- A Sketches of Spain like you’ve never heard, with excellent Double Plus (A++) sound on both sides of this 6-Eye Stereo pressing
- Fairly quiet vinyl for an early label pressing, few are this clean, and none come any quieter if our experience with dozens of them over the years counts for anything
- The better copies capture the realistic sound of Davis’s horn, the body, the breath and the bite (and the correct amount of squawk as well)
- Balanced, clear and undistorted, this 30th Street recording shows just how good Columbia’s engineers (lead by the inestimable Fred Plaut) were back then
- 5 stars: “Sketches of Spain is the most luxuriant and stridently romantic recording Davis ever made. To listen to it in the 21st century is still a spine-tingling experience…”
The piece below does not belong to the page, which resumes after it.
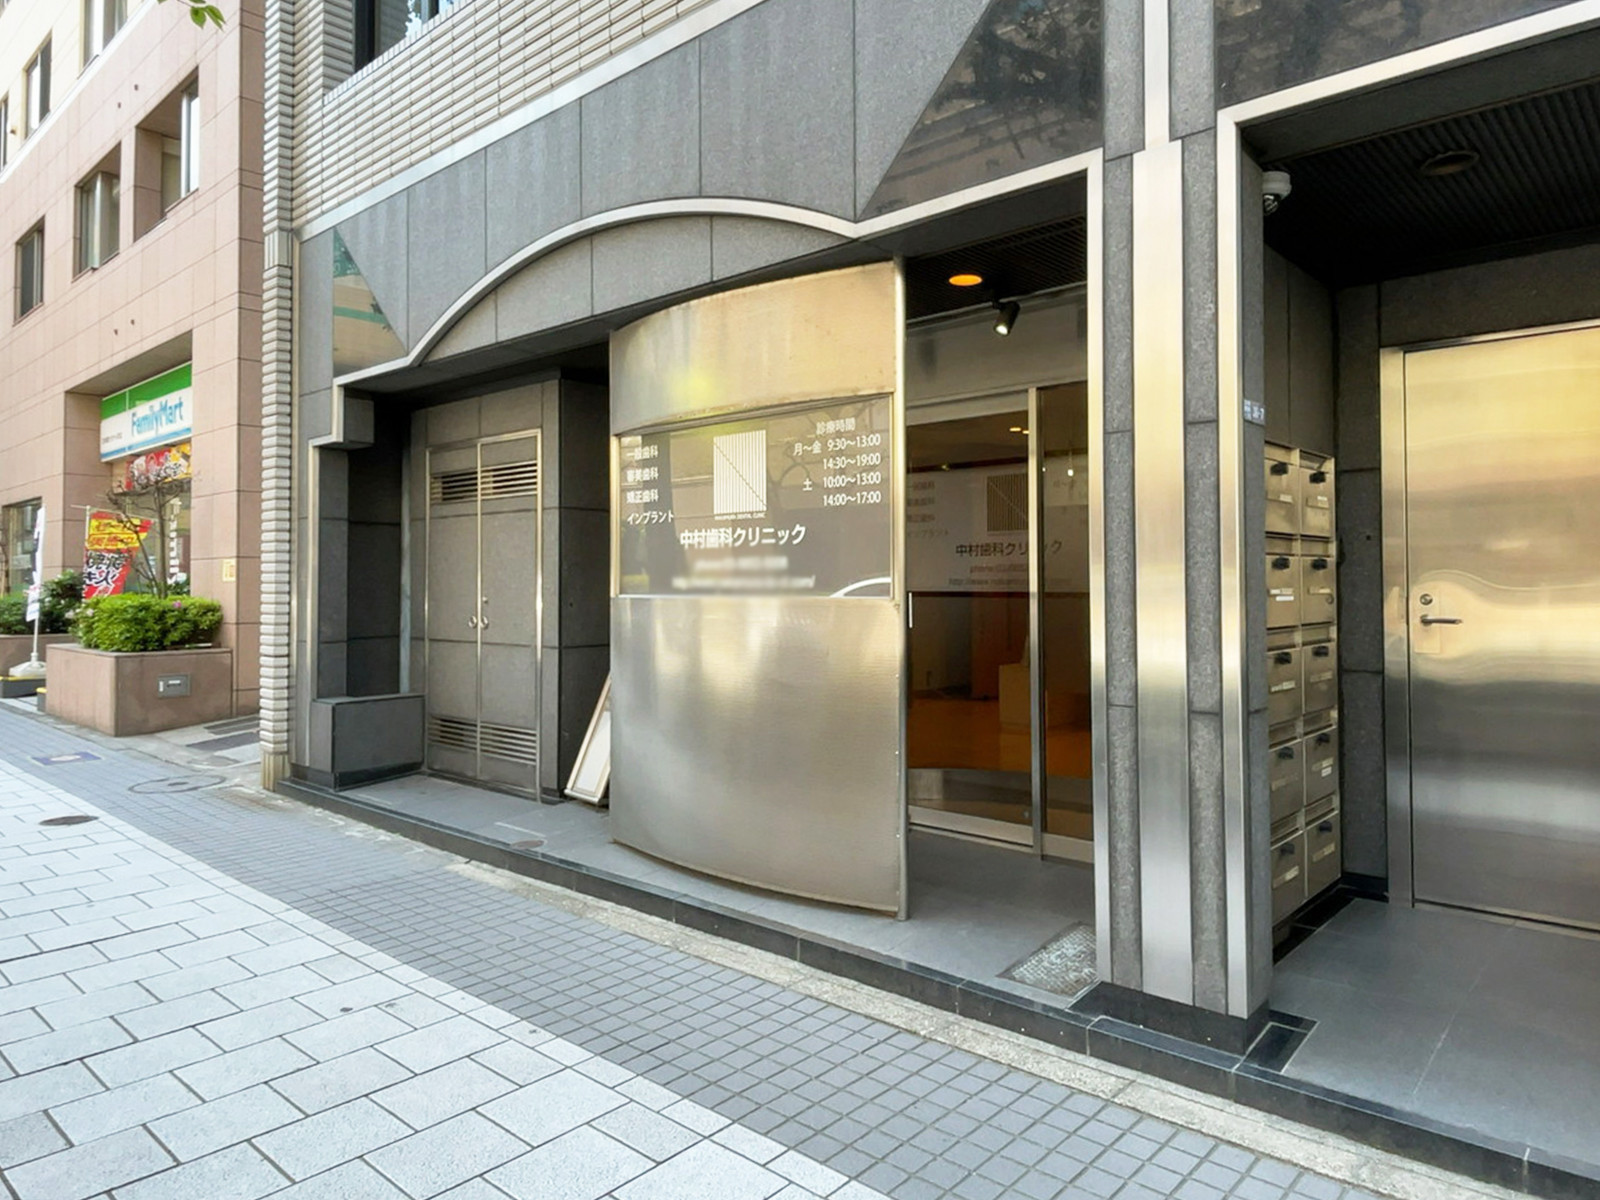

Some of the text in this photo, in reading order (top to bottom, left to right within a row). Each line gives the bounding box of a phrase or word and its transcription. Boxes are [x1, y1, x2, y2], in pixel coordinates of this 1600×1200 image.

[131, 397, 184, 437] FamilyMart
[802, 478, 813, 491] 土
[680, 524, 806, 549] 中村歯科クリニック
- This pressing is clearly a Demo Disc for Orchestral Size and Space
On the best pressings of this masterpiece, the sound is truly magical. (AMG has that dead right in their review.) It is lively but never strained. Davis’s horn has breath and bite, just like the real thing. What more can you ask for?
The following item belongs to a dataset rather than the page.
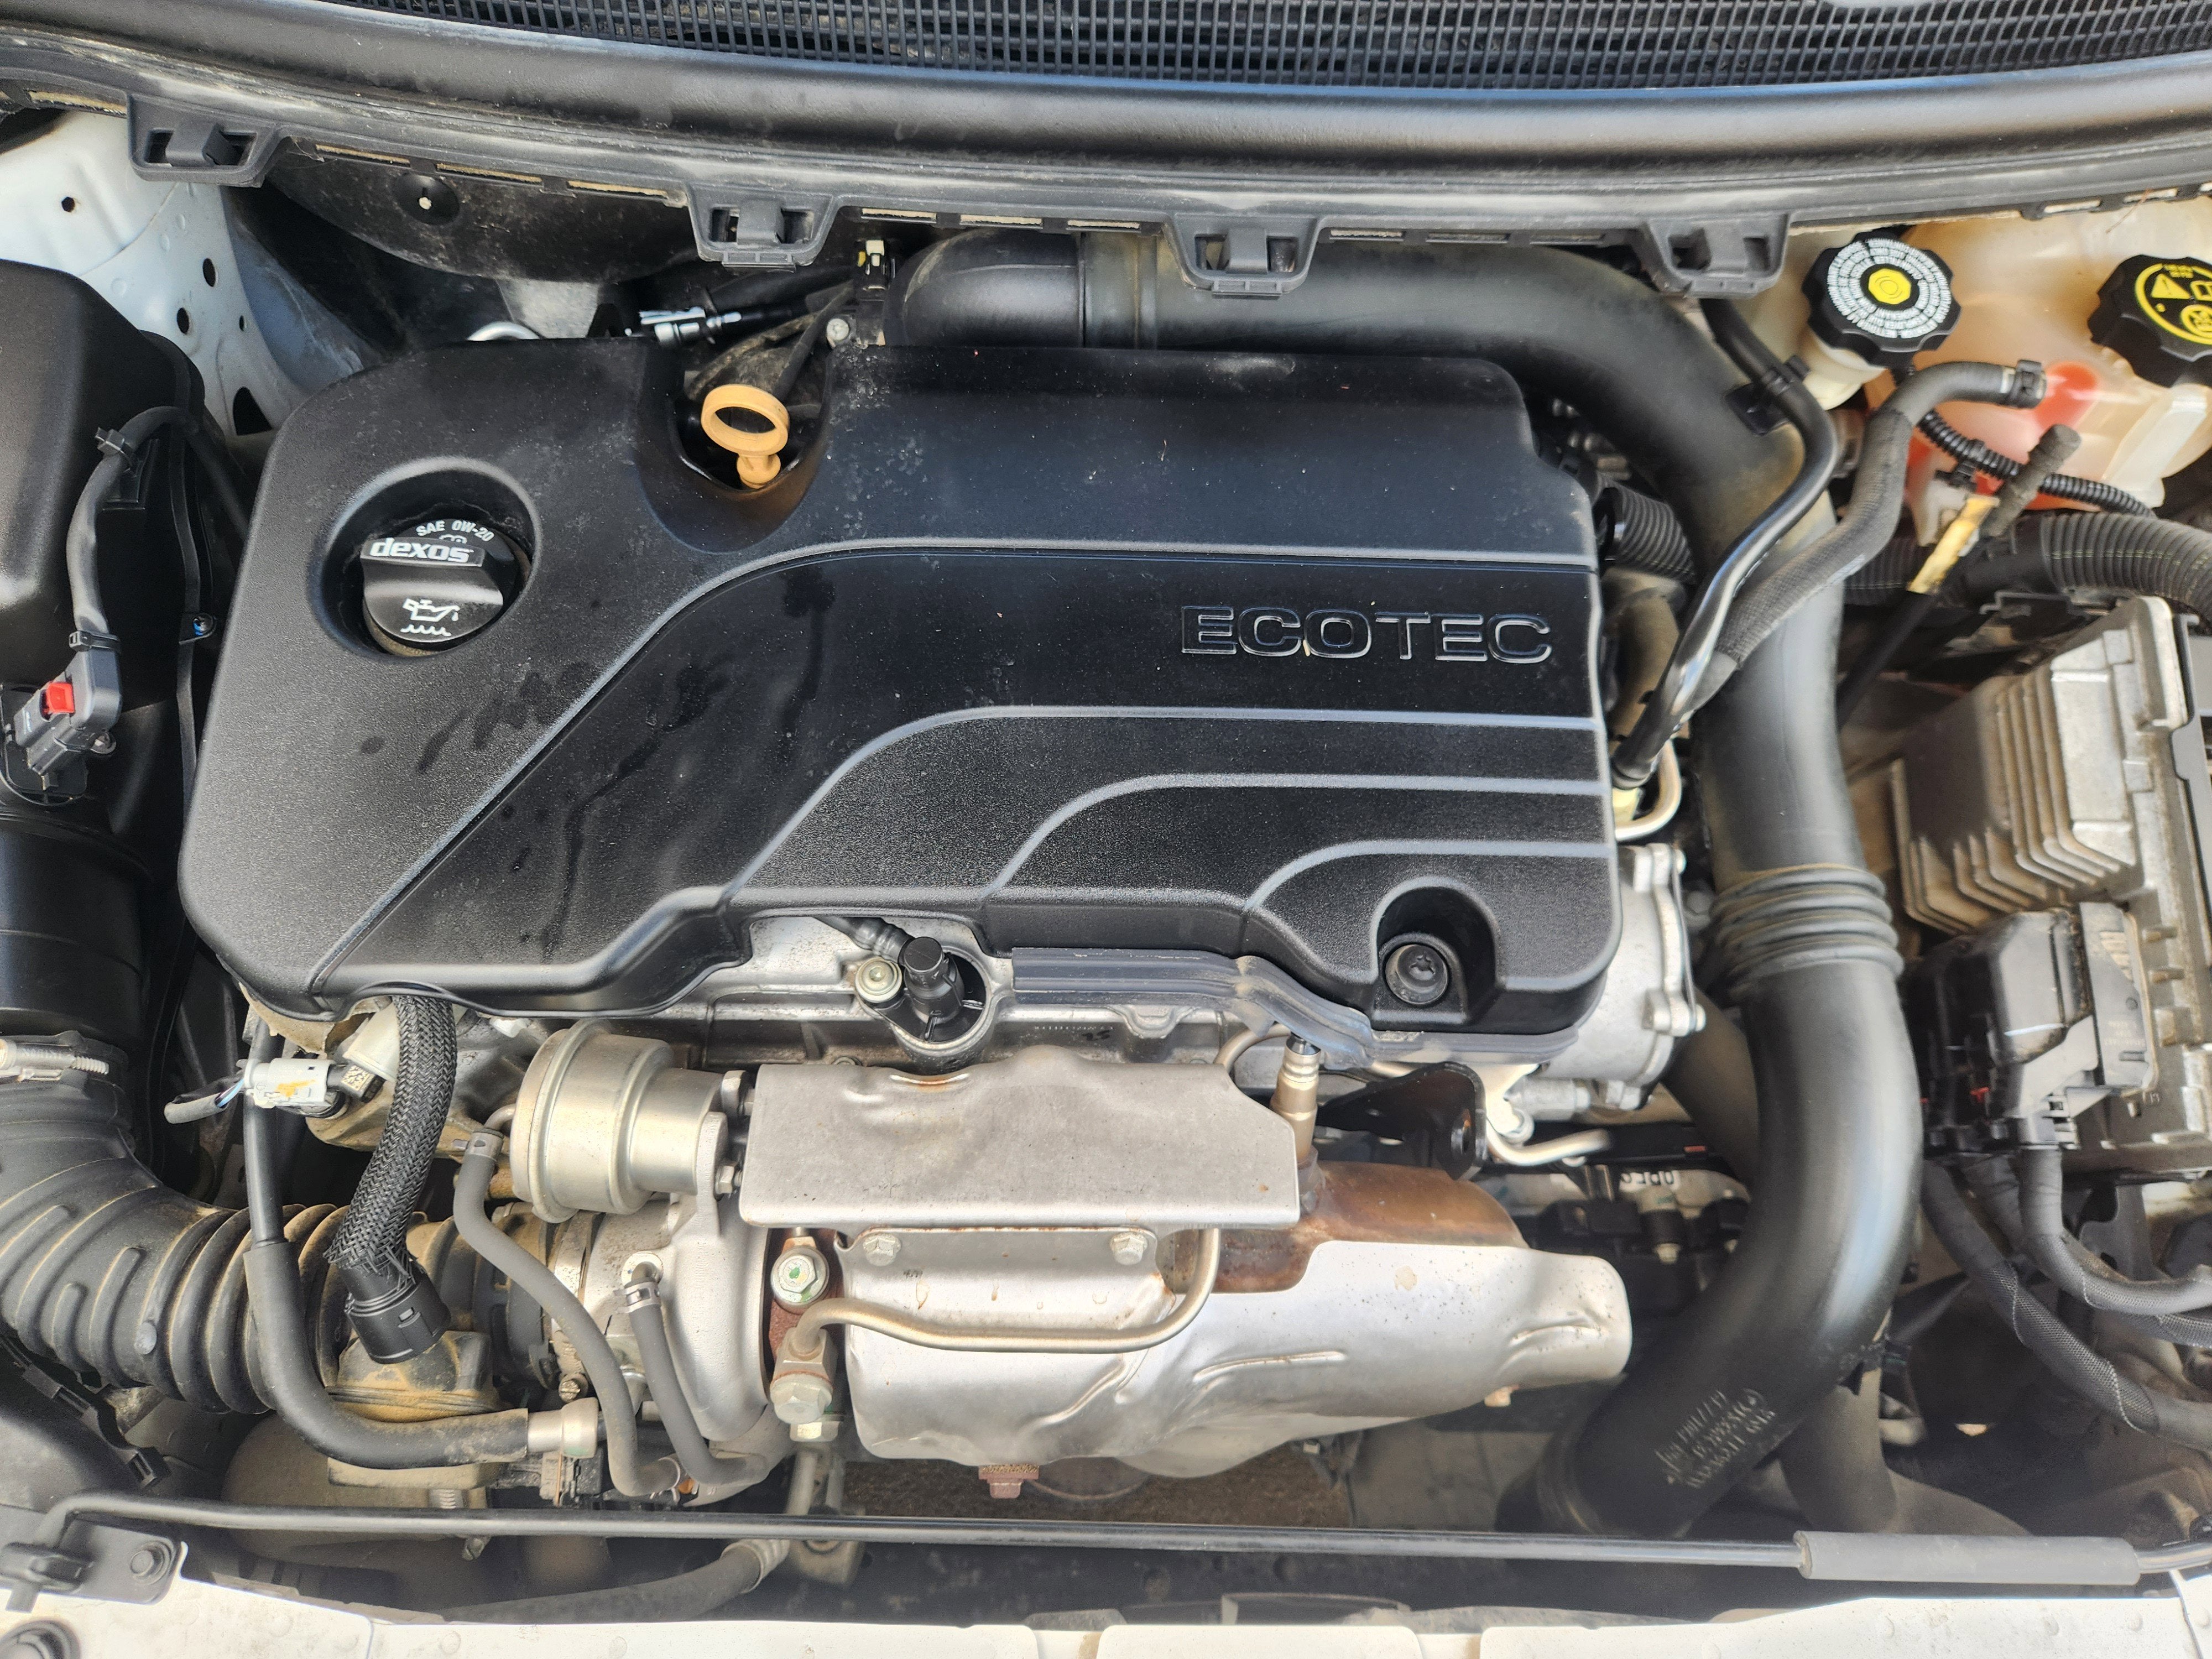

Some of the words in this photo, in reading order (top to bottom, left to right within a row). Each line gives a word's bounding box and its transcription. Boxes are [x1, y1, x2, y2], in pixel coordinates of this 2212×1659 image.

[416, 520, 445, 536] SAE
[451, 520, 495, 541] 0W-20
[369, 537, 471, 564] dexos
[1181, 606, 1553, 664] ECOTEC
On the better pressings of this masterpiece, the sound is truly magical. (AMG has that dead right in their review.) It is lively but never strained. Davis’s horn has breath and bite, just like the real thing. What more can you ask for?
We Was Wrong in the Past About HP and Six Eye Labels
In previous commentary we had written:
Harry Pearson added this record to his TAS List of Super Discs many years ago, not exactly a tough call it seems to us. Who can’t hear that this is an amazing sounding recording?
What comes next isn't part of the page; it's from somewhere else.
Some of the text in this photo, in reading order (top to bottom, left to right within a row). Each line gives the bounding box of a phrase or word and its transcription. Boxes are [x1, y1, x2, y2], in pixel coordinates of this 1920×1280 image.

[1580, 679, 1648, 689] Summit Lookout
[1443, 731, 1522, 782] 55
Of course, you can be quite sure that he would have been listening exclusively to the earliest pressings on the Six Eye label. Which simply means that he probably never heard a copy with the clarity, transparency, and freedom from distortion that these later label pressings offer.
The Six Eyes are full of Tubey Magic, don’t get me wrong; Davis’s trumpet can be and usually is wonderful sounding.
It’s everything else that tends to suffer, especially the strings, which are shrill and smeary on most copies, Six Eyes, 360s and Red Labels included.
Over the course of the last few years, we’ve come to appreciate just how good the right Six Eye stereo pressing can sound.
In other words, We Was Wrong.
A Big Group of Musicians Needs This Kind of Space
One of the qualities that we don’t talk about on the site nearly enough is the SIZE of the record’s presentation. Some copies of the album just sound small — they don’t extend all the way to the outside edges of the speakers, and they don’t seem to take up all the space from the floor to the ceiling. In addition, the sound can often be recessed, with a lack of presence and immediacy in the center.
Other copies — my notes for these copies often read “BIG and BOLD” — create a huge soundfield, with the music positively jumping out of the speakers. They’re not brighter, they’re not more aggressive, they’re not hyped-up in any way, they’re just bigger and clearer.
And most of the time those very special pressings are just plain more involving. When you hear a copy that does all that — a copy like this one — it’s an entirely different listening experience.